Consumer Reports Sets Examples to Learn by

Building a Consistent Presence for Your Audience

Consistency. It’s not the first word you think of when trying to list a company’s reasons for success in the specialized information industry. But I’ve come across it a couple times of late, and it has made me think more about how consistency plays before an audience—your audience.

On Saturday, The New York Times ran an article heralding the 75th anniversary of (SIPA member) Consumer Reports—and the success it enjoys in both print and online. Bill Grueskin, dean of academic affairs at the Graduate School of Journalism at Columbia University and formerly managing editor of, spoke about how the consistency of Consumer Reports’ payment policy has helped fuel their success. “I don’t recall them ever taking the subscription wall down and then rebuilding it the next year. So customers understand that they can’t ‘wait it out’ while the publisher vacillates between paid and free.”
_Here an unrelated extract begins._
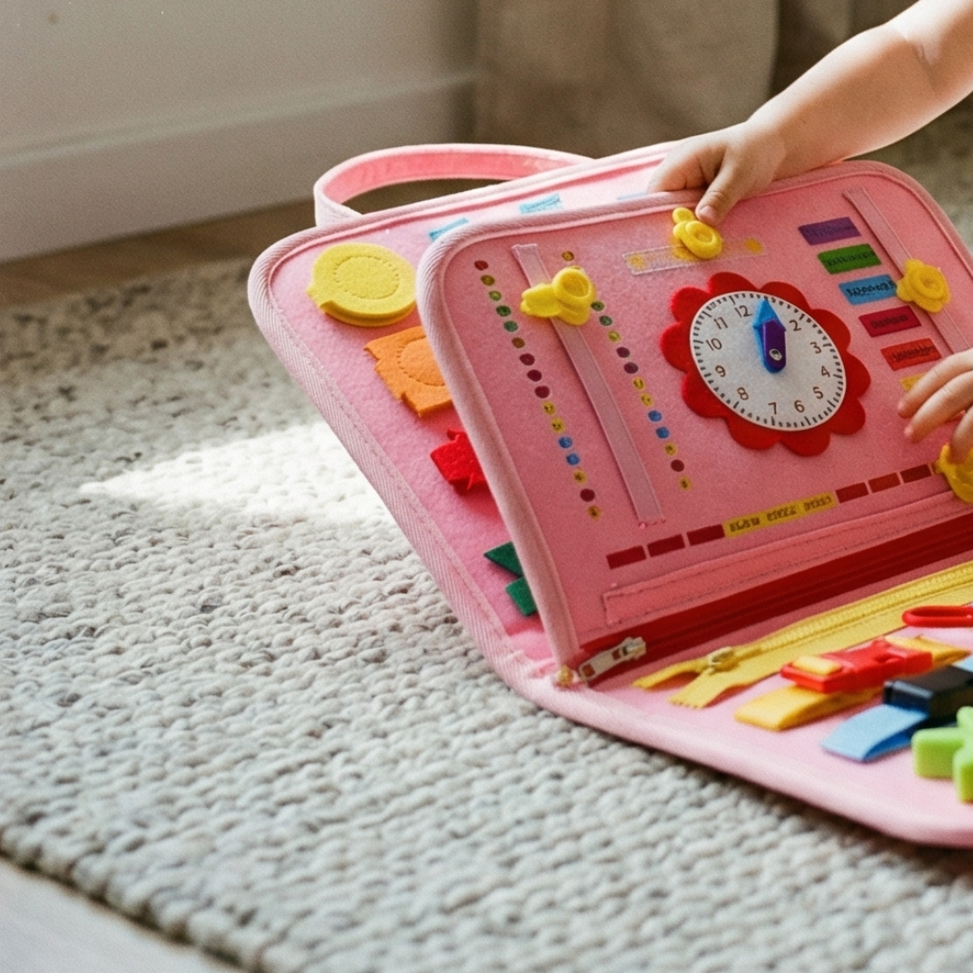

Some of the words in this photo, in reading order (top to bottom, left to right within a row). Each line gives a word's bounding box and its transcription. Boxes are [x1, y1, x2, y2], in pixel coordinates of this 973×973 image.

That reminds me of something Robert Lerose, one of the most popular speakers at last week’s Marketing Conference, often reminds people of with renewals—to put your best offer in the first effort and emphasize that it won’t get better down the road. Again, it’s about the consistency of your strategy. Subscribers are smart. Because they know they’ll get many chances to renew, they might hold out until the end in the hope of receiving an even greater deal—if they see inconsistencies in your subscription wall. The last thing you want to do is reward them for procrastinating. Also, as Lerose points out, it costs you more money to mail each additional effort and a late “best offer” would prove unfair to early renewers. The goal is to condition subscribers to accept your first offer, knowing it will be the best one.

Randall Stross, the author of the Times article and a professor of business at San Jose State University, also noted that Consumer Reports’ consistent policy of not allowing advertisements has “helped protect their reputation for clear-sighted recommendations, untainted by commercial considerations. The policy keeps its name away from use as an endorsement. Merchants whose products earn a spot on the recommended list would like nothing better than to mention it, but Consumer Reports forbids them from doing so.”
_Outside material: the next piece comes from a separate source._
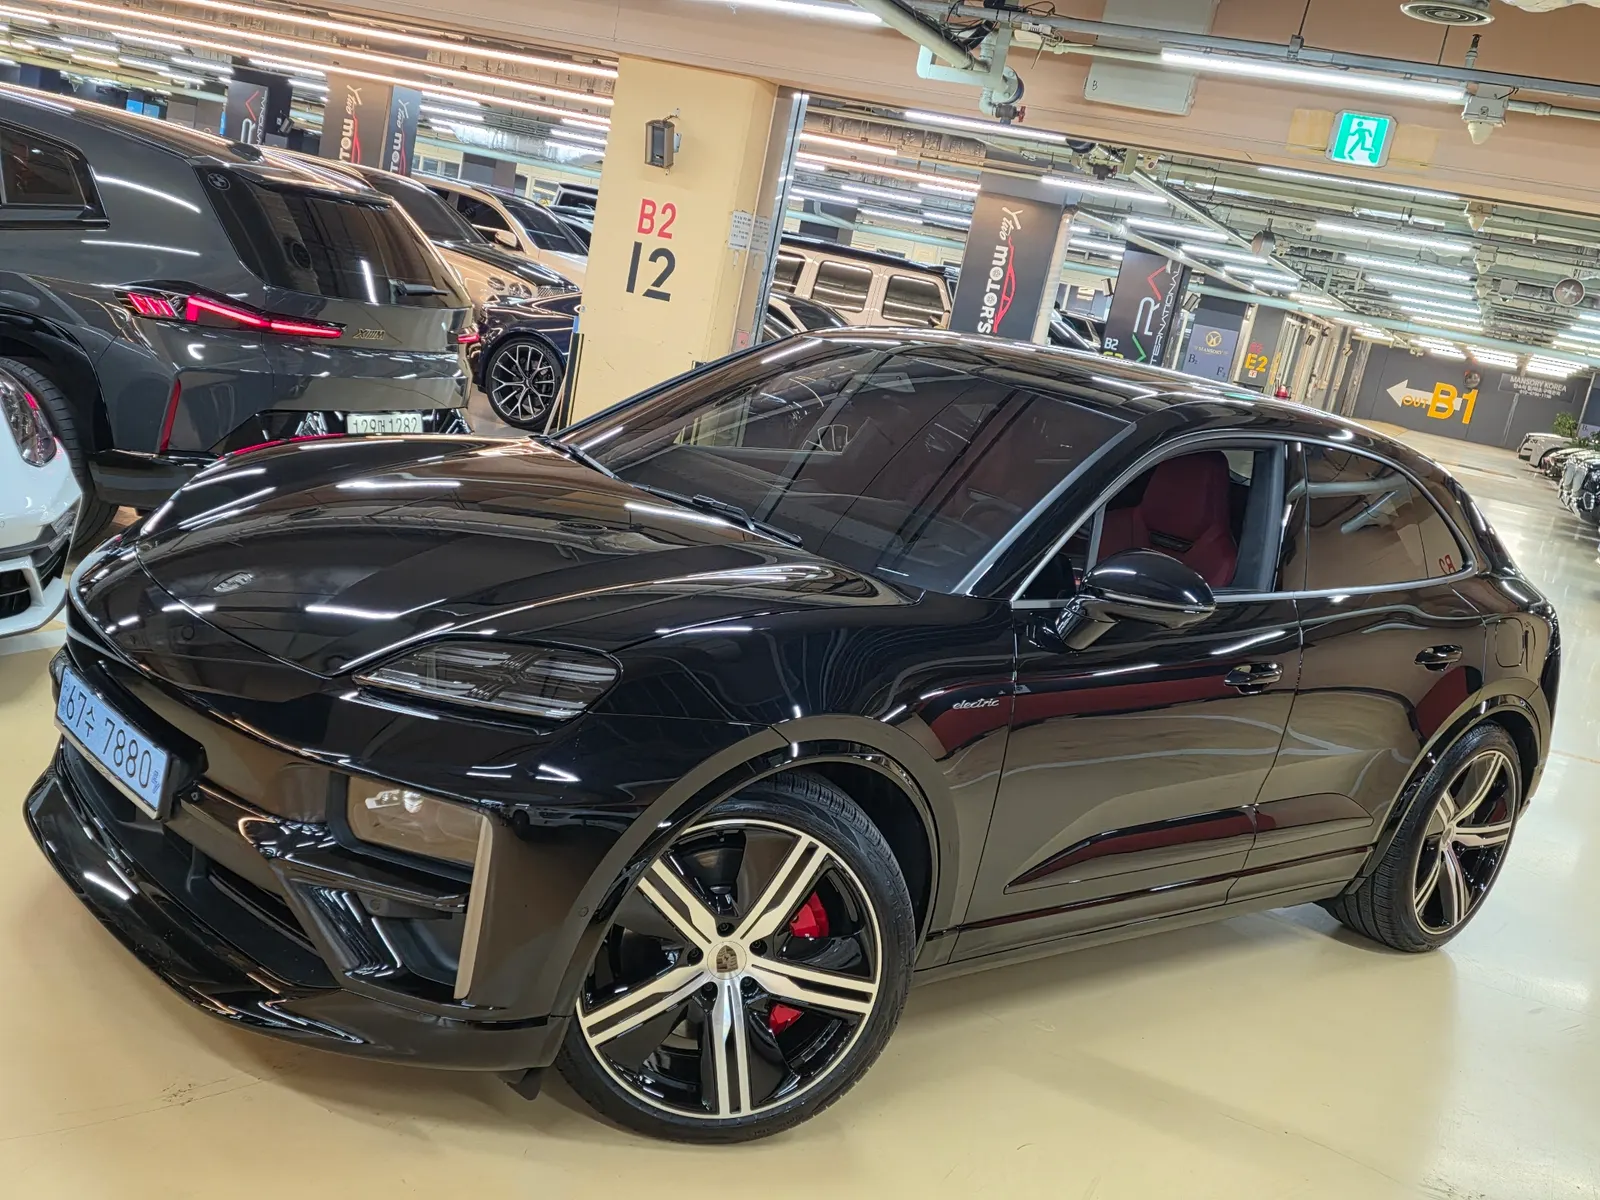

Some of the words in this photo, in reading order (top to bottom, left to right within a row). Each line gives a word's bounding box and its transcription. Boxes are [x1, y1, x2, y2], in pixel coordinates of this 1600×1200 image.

Now Consumer Reports is in a pretty unique situation—according to the article, they have 3.3 million subscribers on their website and generate more revenue from digital subscriptions than from print. Their print subscribers have held steady since 2001 at around four million. “It isn’t much of a leap for people to pay $5.95 a month [or $26 a year] for access to a database that will help them make a wise purchase of a $500 dishwasher or a $25,000 car,” Grueskin said. So I’m not espousing the no-ads approach. In fact, a great deal of the talk at the Conference had to do with companies moving to a more ad-based model—or at least supplementing their subscription model. But to me, the important words there are “consistent policy.” Subscribers know that a Consumer Reports review has not been influenced in any way. You can trust them wholeheartedly.

Consumer Reports also wants subscribers to report on their experiences with the products. As Mark Everett Johnson said at last week’s copywriting workshop, the audience is the authority when it comes to what they will read and buy. So consistently engaging your audience with surveys, questions, information and chats can also be effective.

“Five years ago, the Web site was just the magazine put online, word for word,” said Kevin McKean, Consumer Reports’ editorial director. Today, testing is constant and so are the posting of results. As we’ve talked about before, there’s just no reason to hold information any more. Put it out there and get some more. And be consistent.